Pictures should not appear in the copy; the records themselves must be written out exactly.

*** Opening EXERCISE MATERIAL ***

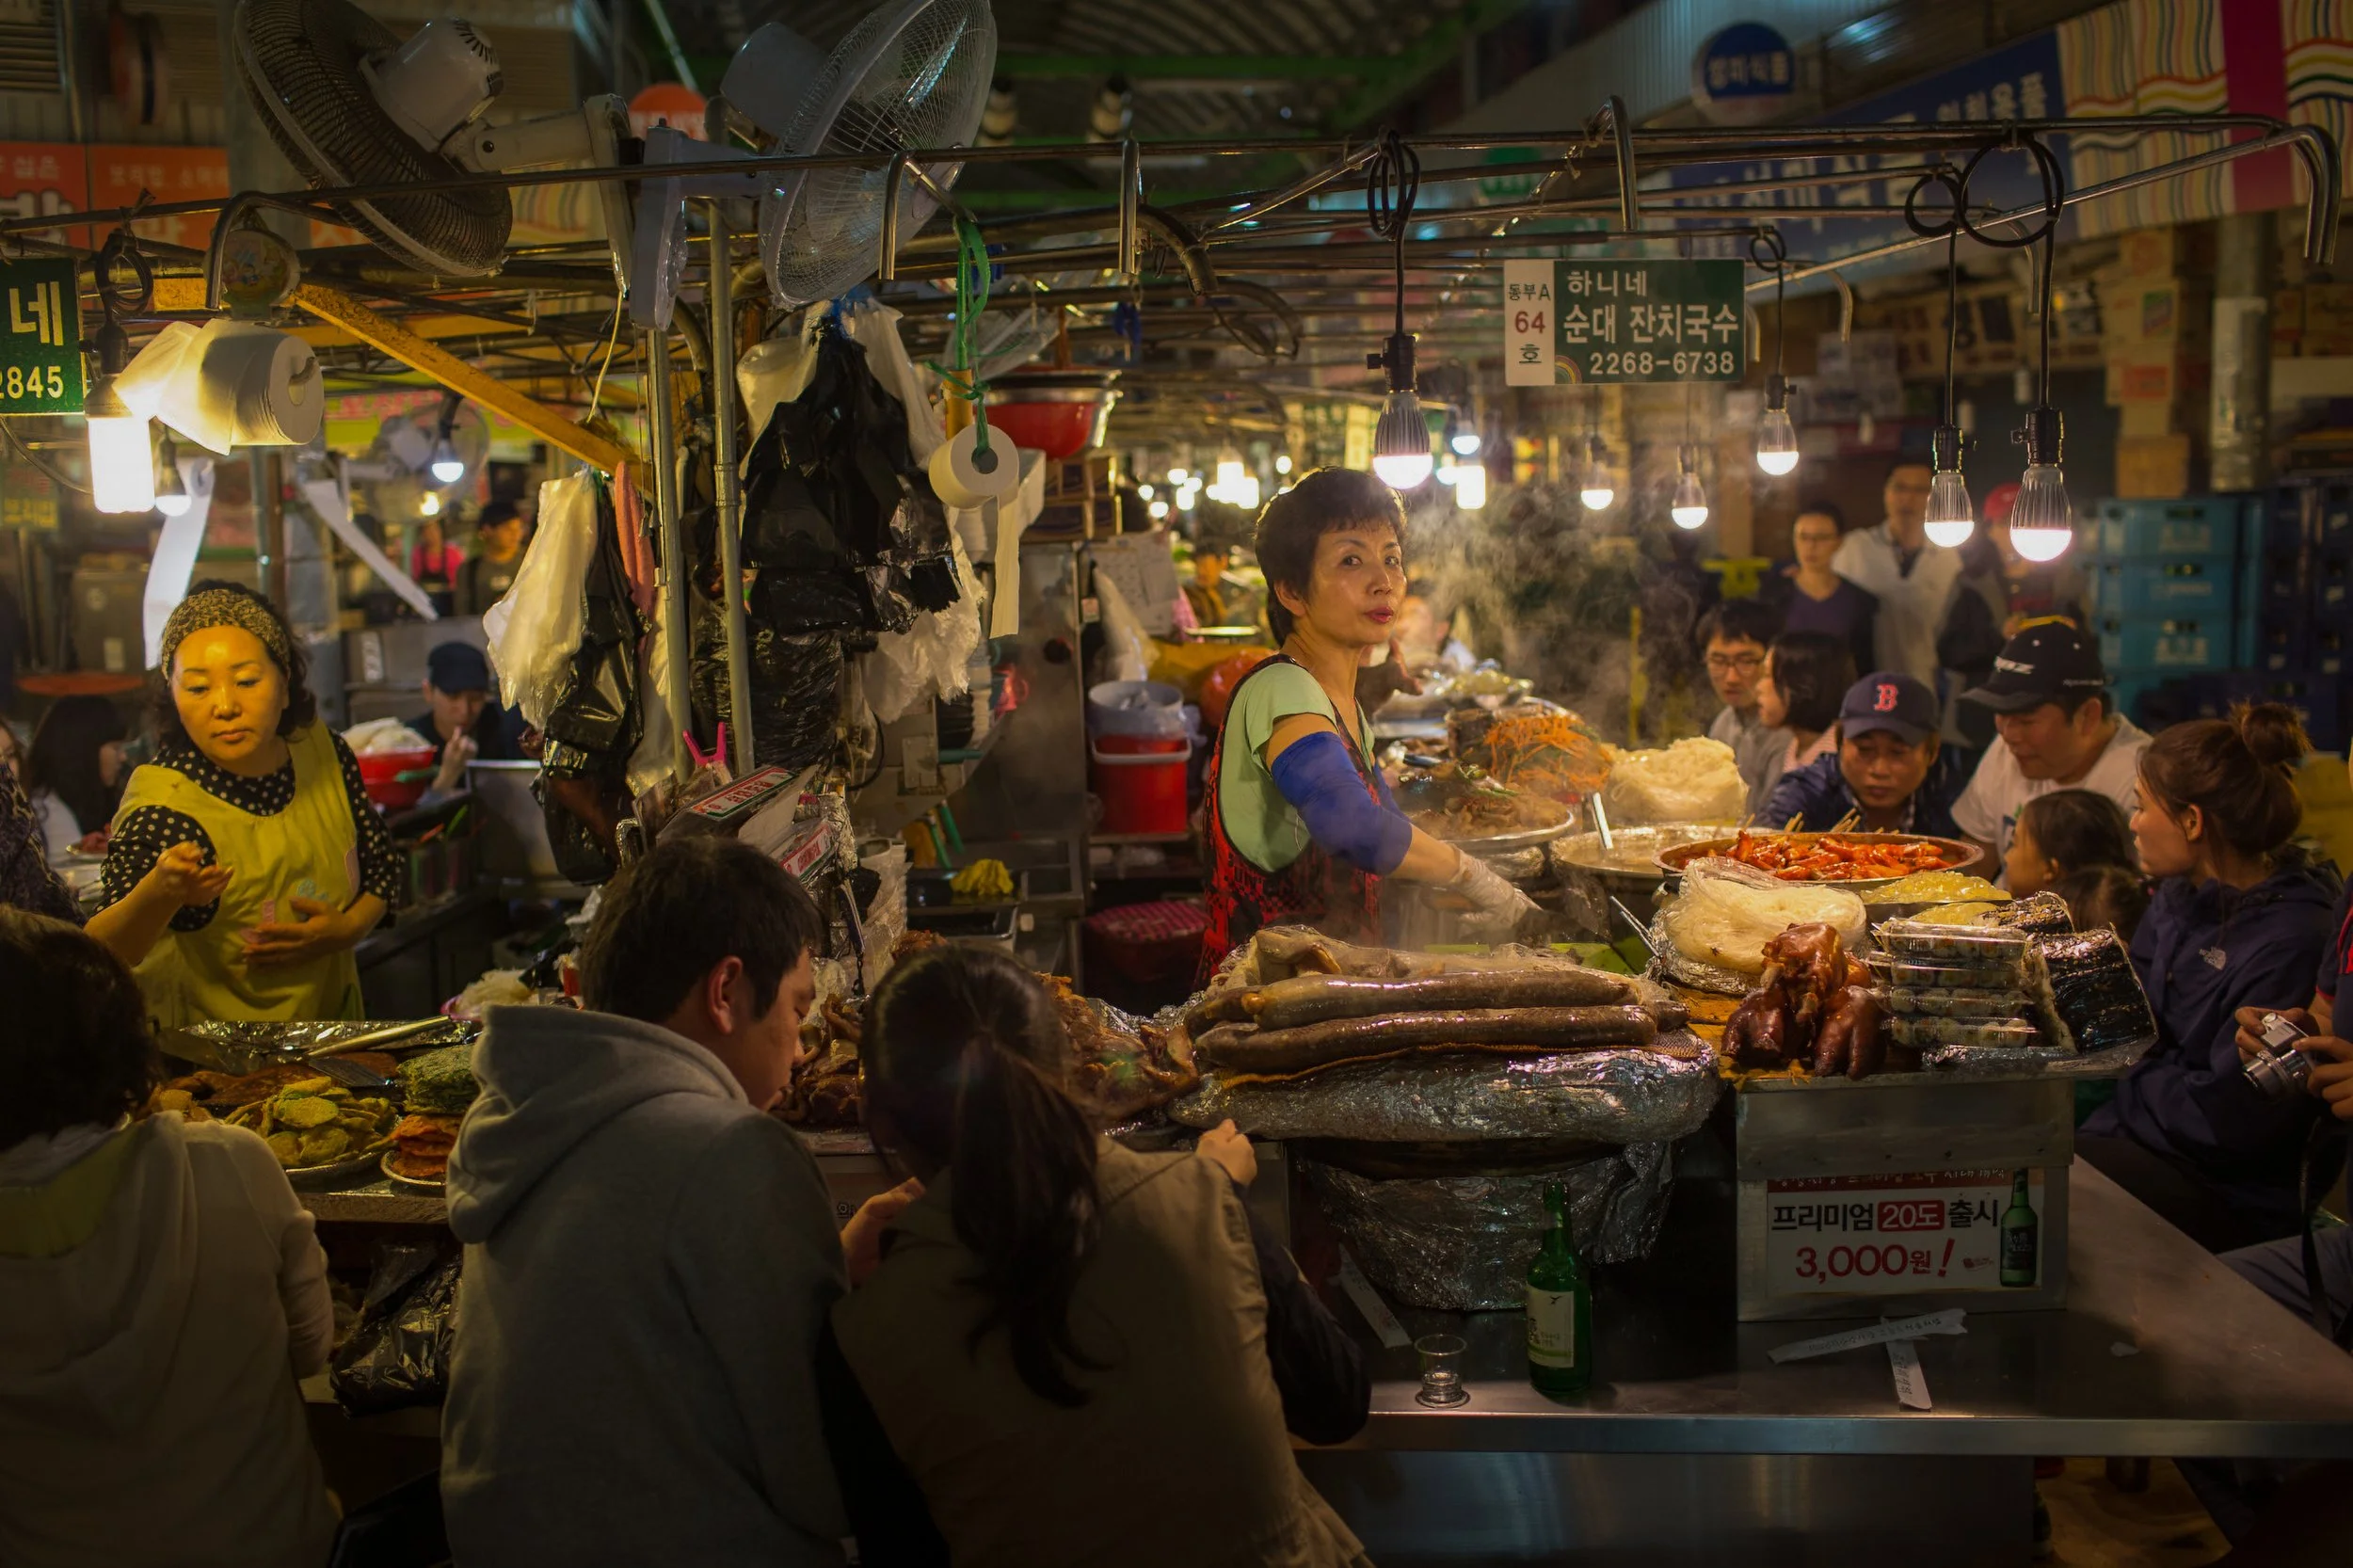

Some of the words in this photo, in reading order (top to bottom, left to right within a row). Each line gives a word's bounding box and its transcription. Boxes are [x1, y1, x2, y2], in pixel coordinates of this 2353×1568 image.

[1508, 283, 1551, 301] 동부A
[1567, 271, 1647, 297] 하니네
[8, 280, 64, 346] 네
[1514, 310, 1546, 334] 64
[1563, 305, 1616, 344] 순대
[1629, 304, 1739, 344] 잔치국수
[1519, 344, 1542, 364] 호
[1590, 351, 1735, 376] 2268-6738
[0, 365, 64, 400] 845
[1874, 684, 1898, 712] B
[1772, 1202, 1874, 1231] 프리미엄
[1882, 1204, 1941, 1228] 20도
[1948, 1199, 1998, 1227] 출시
[1796, 1238, 1955, 1284] 3,000원!

*** Closing EXERCISE MATERIAL ***

EXERCISE RESPONSE:
Some of the words in this photo, in reading order (top to bottom, left to right within a row). Each line gives a word's bounding box and its transcription. Boxes are [x1, y1, x2, y2], in pixel coordinates of this 2353×1568 image.

[1508, 283, 1551, 301] 동부A
[1567, 271, 1647, 297] 하니네
[8, 280, 64, 346] 네
[1514, 310, 1546, 334] 64
[1563, 305, 1616, 344] 순대
[1629, 304, 1739, 344] 잔치국수
[1519, 344, 1542, 364] 호
[1590, 351, 1735, 376] 2268-6738
[0, 365, 64, 400] 845
[1874, 684, 1898, 712] B
[1772, 1202, 1874, 1231] 프리미엄
[1882, 1204, 1941, 1228] 20도
[1948, 1199, 1998, 1227] 출시
[1796, 1238, 1955, 1284] 3,000원!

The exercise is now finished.